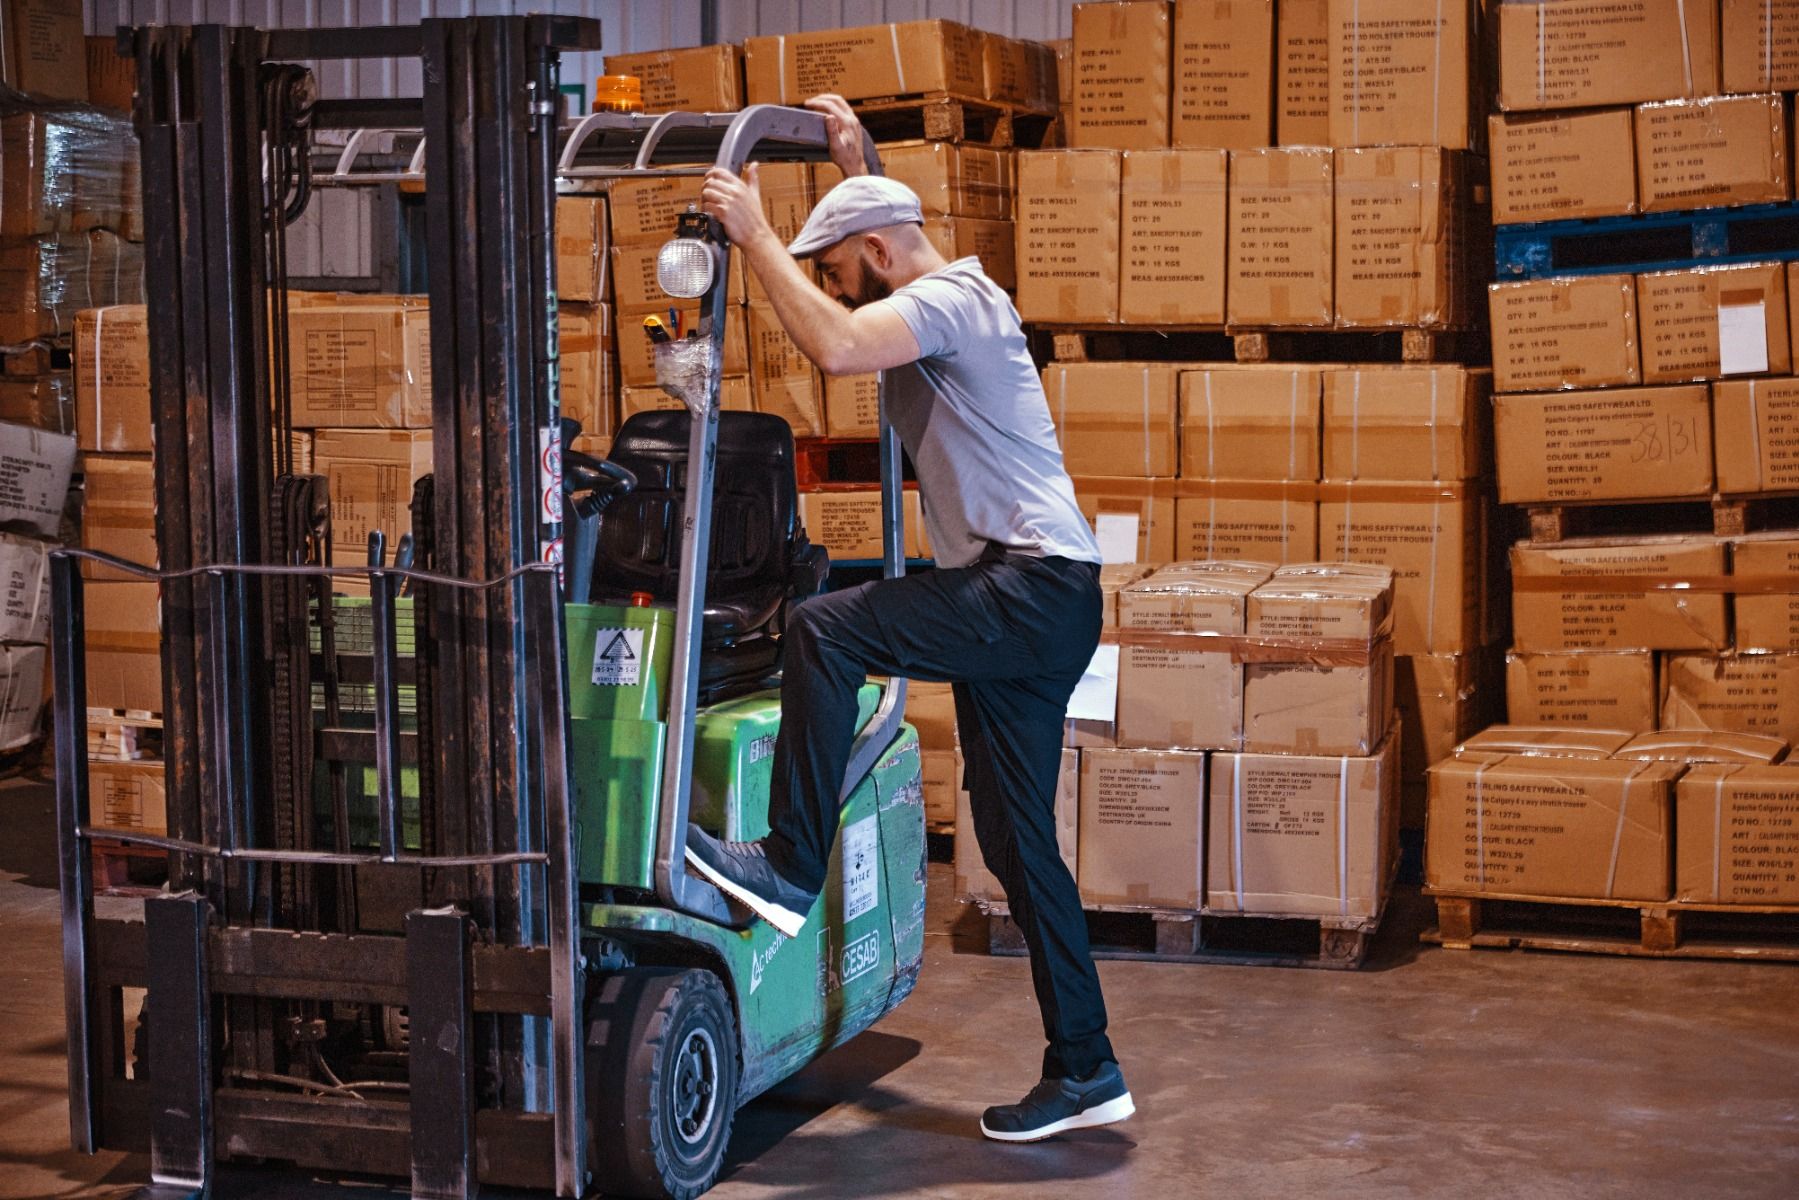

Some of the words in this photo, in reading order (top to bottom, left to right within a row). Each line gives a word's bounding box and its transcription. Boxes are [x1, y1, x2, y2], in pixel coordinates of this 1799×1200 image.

[1575, 5, 1627, 14] SAFETYWEAR
[1381, 19, 1432, 29] SAFETYWEAR
[1573, 55, 1600, 63] BLACK
[1543, 404, 1581, 413] STERLING
[1582, 400, 1635, 411] SAFETYWEAR
[1545, 429, 1557, 437] PO
[1585, 451, 1611, 460] BLACK
[1230, 523, 1281, 532] SAFETYWEAR
[1375, 525, 1427, 533] SAFETYWEAR
[1600, 604, 1626, 612] BLACK
[1466, 782, 1508, 791] STRLING
[1509, 784, 1567, 795] SAFETYWEAR
[1732, 792, 1776, 801] STERLING
[1490, 796, 1515, 806] Calgary
[1526, 799, 1538, 808] way
[1466, 808, 1477, 816] PO
[1758, 804, 1783, 814] Calgary
[1732, 818, 1744, 826] PO
[1465, 835, 1503, 844] COOUR:
[1732, 832, 1749, 840] ART
[1785, 873, 1796, 881] 20
[1732, 887, 1750, 895] CTN
[842, 938, 878, 978] CESAB

──────────────────────────────

◆ About this task
Repeat every record above exactly, but leave out any pictures.

◆ Answer to this problem
Some of the words in this photo, in reading order (top to bottom, left to right within a row). Each line gives a word's bounding box and its transcription. Boxes are [x1, y1, x2, y2], in pixel coordinates of this 1799×1200 image.

[1575, 5, 1627, 14] SAFETYWEAR
[1381, 19, 1432, 29] SAFETYWEAR
[1573, 55, 1600, 63] BLACK
[1543, 404, 1581, 413] STERLING
[1582, 400, 1635, 411] SAFETYWEAR
[1545, 429, 1557, 437] PO
[1585, 451, 1611, 460] BLACK
[1230, 523, 1281, 532] SAFETYWEAR
[1375, 525, 1427, 533] SAFETYWEAR
[1600, 604, 1626, 612] BLACK
[1466, 782, 1508, 791] STRLING
[1509, 784, 1567, 795] SAFETYWEAR
[1732, 792, 1776, 801] STERLING
[1490, 796, 1515, 806] Calgary
[1526, 799, 1538, 808] way
[1466, 808, 1477, 816] PO
[1758, 804, 1783, 814] Calgary
[1732, 818, 1744, 826] PO
[1465, 835, 1503, 844] COOUR:
[1732, 832, 1749, 840] ART
[1785, 873, 1796, 881] 20
[1732, 887, 1750, 895] CTN
[842, 938, 878, 978] CESAB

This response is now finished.